■ **WORK REQUIRED**:
The response has to reproduce all entries exactly while excluding their pictures.

■ **SUPPLIED DATA**:
-=-=-
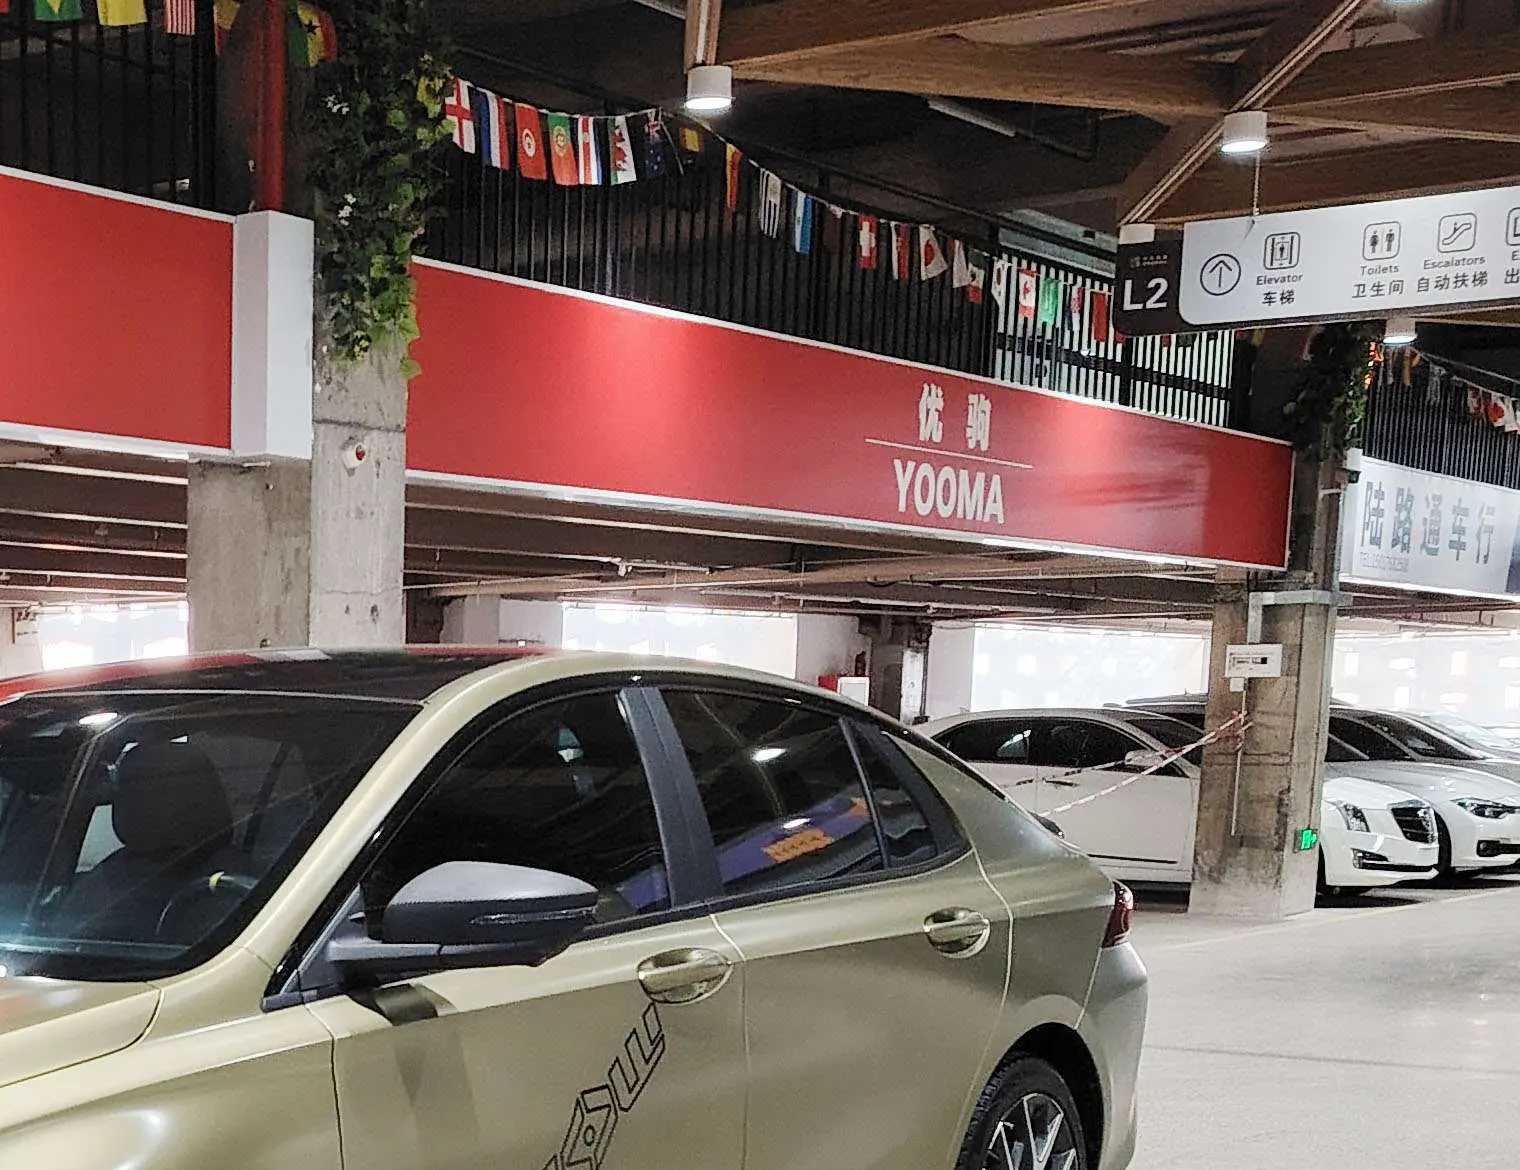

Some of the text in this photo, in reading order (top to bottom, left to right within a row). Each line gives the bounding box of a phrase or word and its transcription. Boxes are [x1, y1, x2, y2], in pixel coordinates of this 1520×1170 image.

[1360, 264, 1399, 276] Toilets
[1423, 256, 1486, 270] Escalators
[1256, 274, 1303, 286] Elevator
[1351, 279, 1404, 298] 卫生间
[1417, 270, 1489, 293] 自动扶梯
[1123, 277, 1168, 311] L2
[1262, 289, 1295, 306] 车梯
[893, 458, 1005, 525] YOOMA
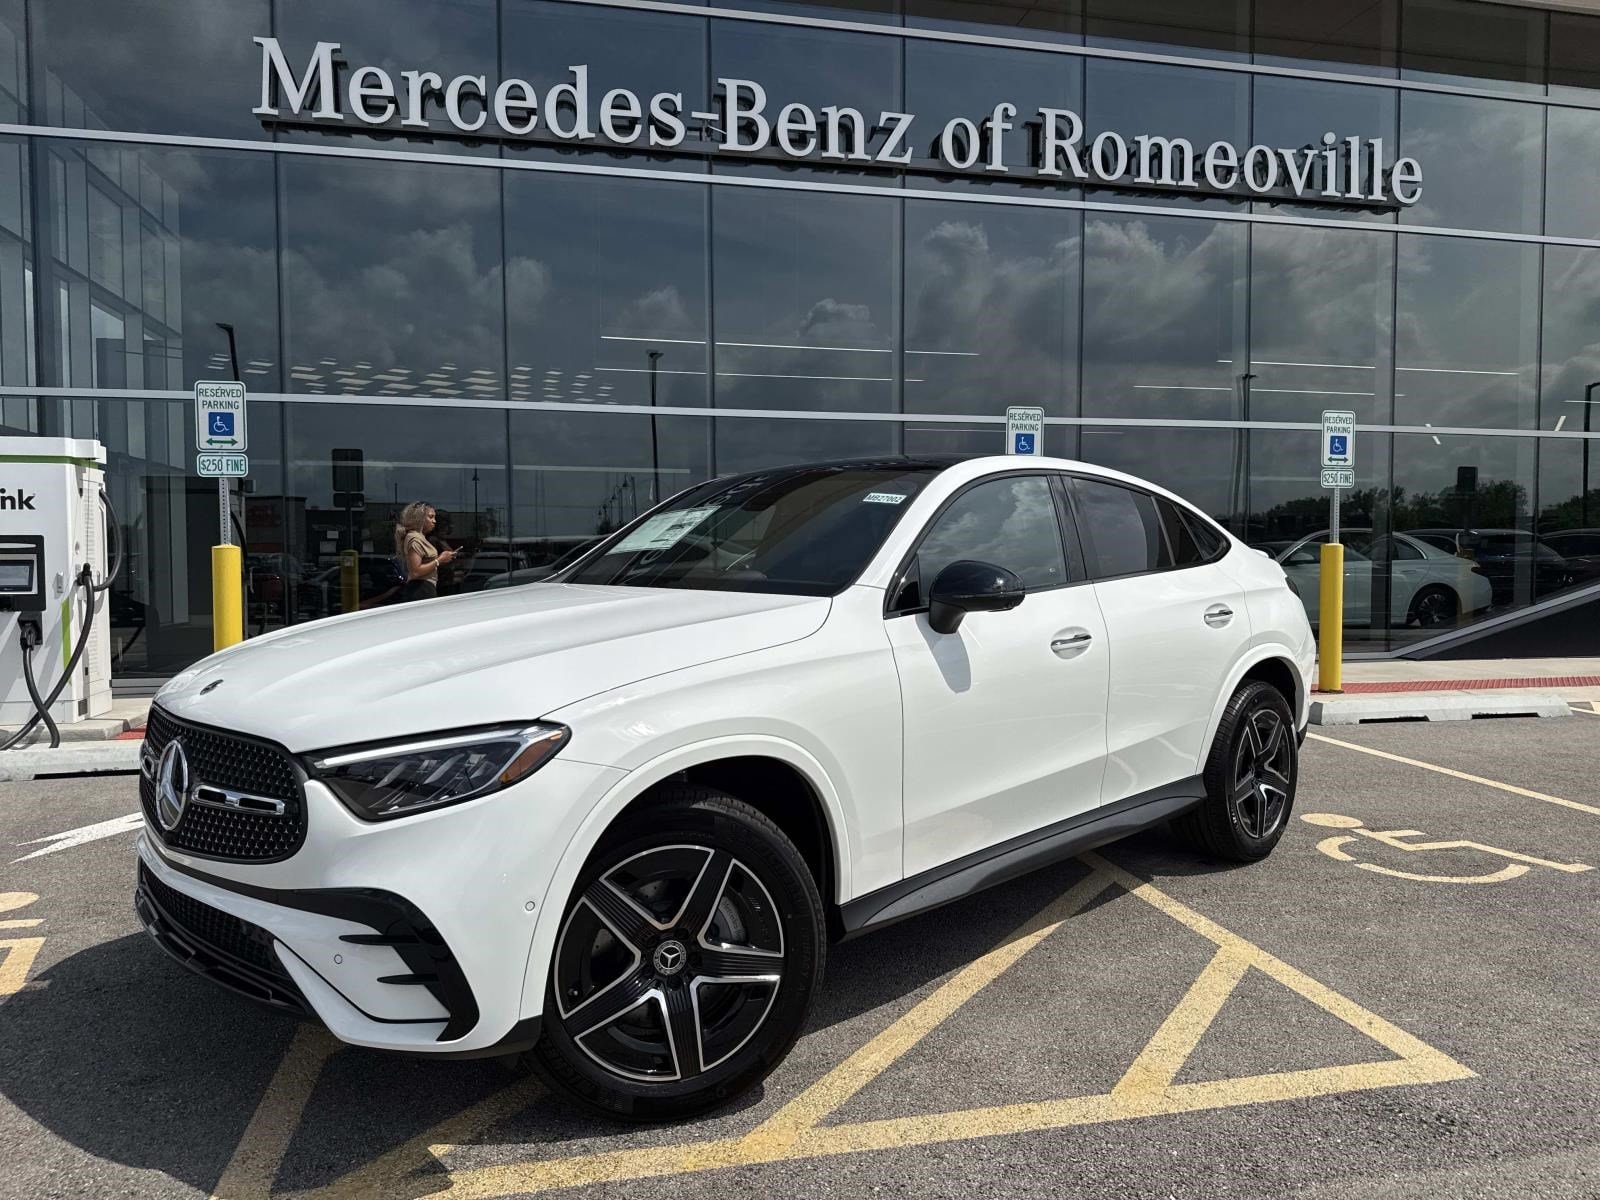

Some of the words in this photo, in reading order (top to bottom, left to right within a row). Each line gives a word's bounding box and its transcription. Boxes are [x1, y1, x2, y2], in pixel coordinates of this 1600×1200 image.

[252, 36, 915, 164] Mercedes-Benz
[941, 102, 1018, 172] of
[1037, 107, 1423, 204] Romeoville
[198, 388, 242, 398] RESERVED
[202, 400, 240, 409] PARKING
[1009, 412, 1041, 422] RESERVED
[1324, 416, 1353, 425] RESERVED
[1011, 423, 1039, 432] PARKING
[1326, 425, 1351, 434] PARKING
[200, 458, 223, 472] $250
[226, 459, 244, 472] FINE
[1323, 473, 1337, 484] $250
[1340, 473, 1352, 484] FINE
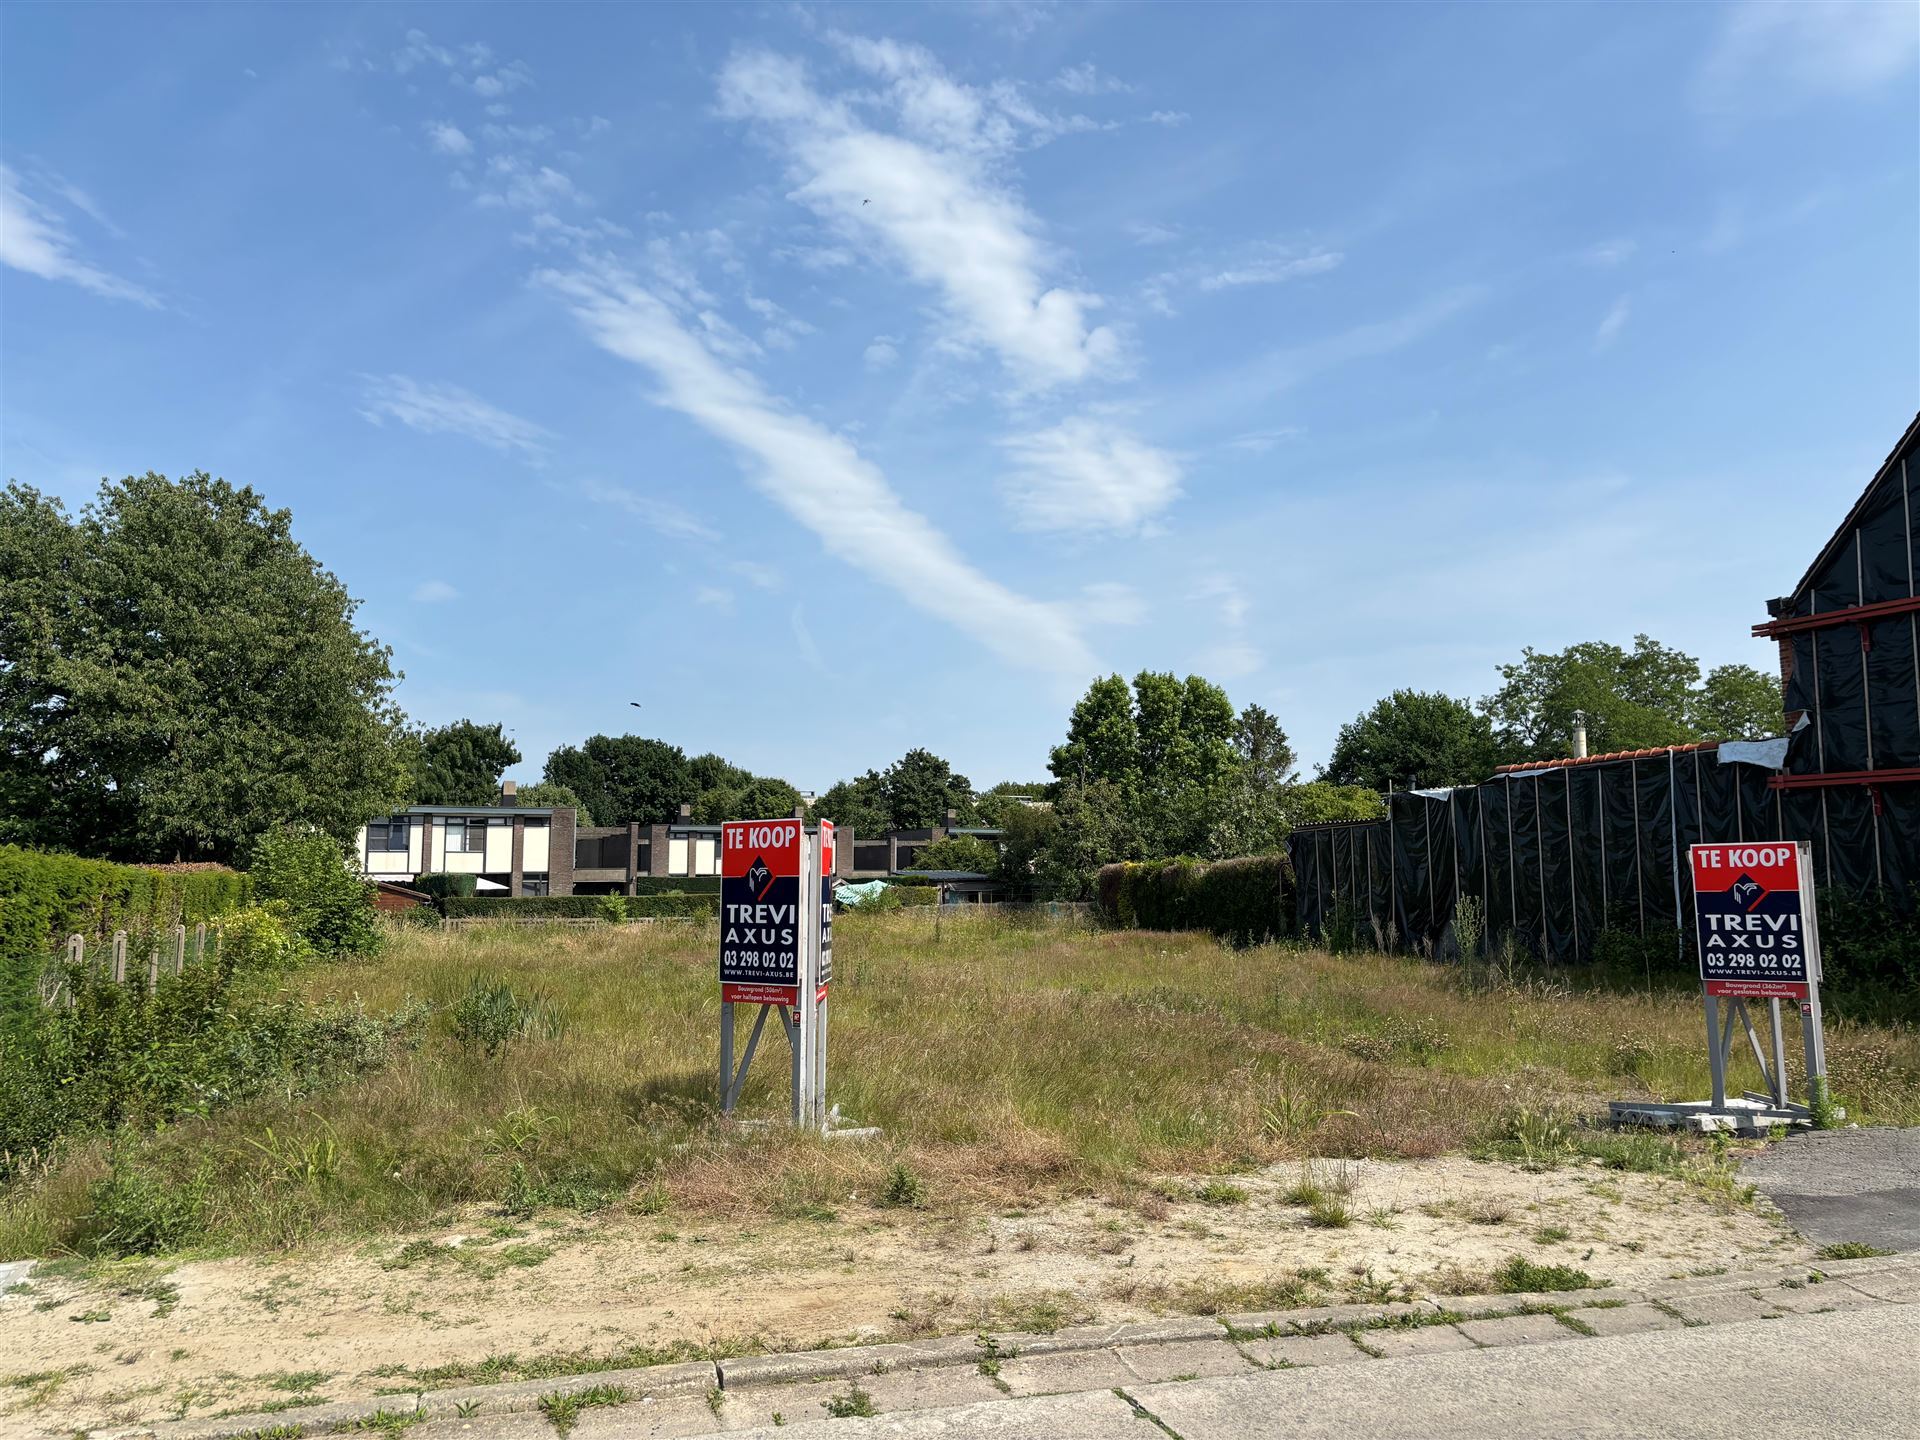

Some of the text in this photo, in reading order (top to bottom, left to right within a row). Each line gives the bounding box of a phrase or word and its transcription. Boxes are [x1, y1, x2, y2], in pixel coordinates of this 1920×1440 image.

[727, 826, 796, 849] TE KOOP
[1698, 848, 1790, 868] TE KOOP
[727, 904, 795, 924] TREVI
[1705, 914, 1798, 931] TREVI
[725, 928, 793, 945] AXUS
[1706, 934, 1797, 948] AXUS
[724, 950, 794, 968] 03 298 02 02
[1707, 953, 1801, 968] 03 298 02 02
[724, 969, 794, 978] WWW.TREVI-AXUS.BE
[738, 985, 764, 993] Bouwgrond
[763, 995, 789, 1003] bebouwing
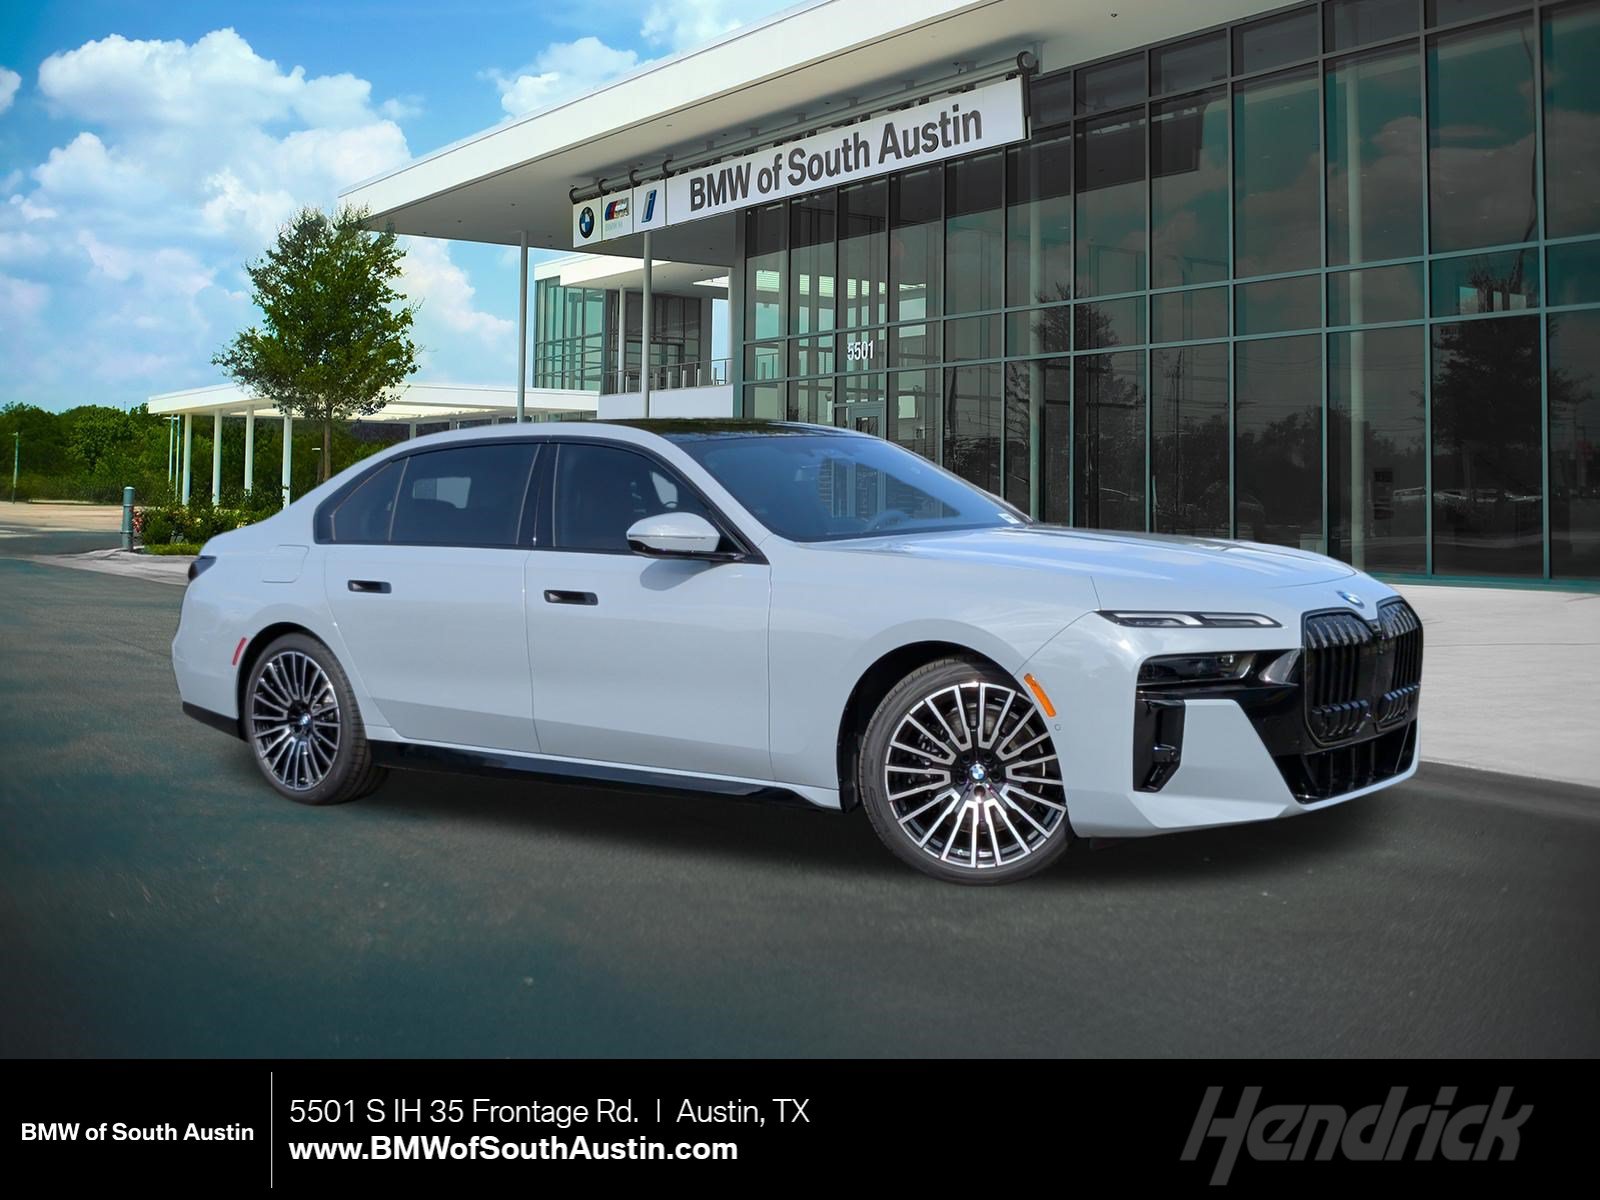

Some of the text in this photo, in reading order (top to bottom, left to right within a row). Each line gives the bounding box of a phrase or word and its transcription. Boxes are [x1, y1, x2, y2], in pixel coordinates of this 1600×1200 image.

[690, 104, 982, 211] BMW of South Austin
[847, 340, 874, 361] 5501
-=-=-
■ **EXERCISE ANSWER**:
Some of the text in this photo, in reading order (top to bottom, left to right within a row). Each line gives the bounding box of a phrase or word and its transcription. Boxes are [x1, y1, x2, y2], in pixel coordinates of this 1520×1170 image.

[1360, 264, 1399, 276] Toilets
[1423, 256, 1486, 270] Escalators
[1256, 274, 1303, 286] Elevator
[1351, 279, 1404, 298] 卫生间
[1417, 270, 1489, 293] 自动扶梯
[1123, 277, 1168, 311] L2
[1262, 289, 1295, 306] 车梯
[893, 458, 1005, 525] YOOMA

Some of the words in this photo, in reading order (top to bottom, left to right within a row). Each line gives a word's bounding box and its transcription. Boxes are [x1, y1, x2, y2], in pixel coordinates of this 1600×1200 image.

[252, 36, 915, 164] Mercedes-Benz
[941, 102, 1018, 172] of
[1037, 107, 1423, 204] Romeoville
[198, 388, 242, 398] RESERVED
[202, 400, 240, 409] PARKING
[1009, 412, 1041, 422] RESERVED
[1324, 416, 1353, 425] RESERVED
[1011, 423, 1039, 432] PARKING
[1326, 425, 1351, 434] PARKING
[200, 458, 223, 472] $250
[226, 459, 244, 472] FINE
[1323, 473, 1337, 484] $250
[1340, 473, 1352, 484] FINE

Some of the text in this photo, in reading order (top to bottom, left to right within a row). Each line gives the bounding box of a phrase or word and its transcription. Boxes are [x1, y1, x2, y2], in pixel coordinates of this 1920×1440 image.

[727, 826, 796, 849] TE KOOP
[1698, 848, 1790, 868] TE KOOP
[727, 904, 795, 924] TREVI
[1705, 914, 1798, 931] TREVI
[725, 928, 793, 945] AXUS
[1706, 934, 1797, 948] AXUS
[724, 950, 794, 968] 03 298 02 02
[1707, 953, 1801, 968] 03 298 02 02
[724, 969, 794, 978] WWW.TREVI-AXUS.BE
[738, 985, 764, 993] Bouwgrond
[763, 995, 789, 1003] bebouwing

Some of the text in this photo, in reading order (top to bottom, left to right within a row). Each line gives the bounding box of a phrase or word and its transcription. Boxes are [x1, y1, x2, y2], in pixel coordinates of this 1600×1200 image.

[690, 104, 982, 211] BMW of South Austin
[847, 340, 874, 361] 5501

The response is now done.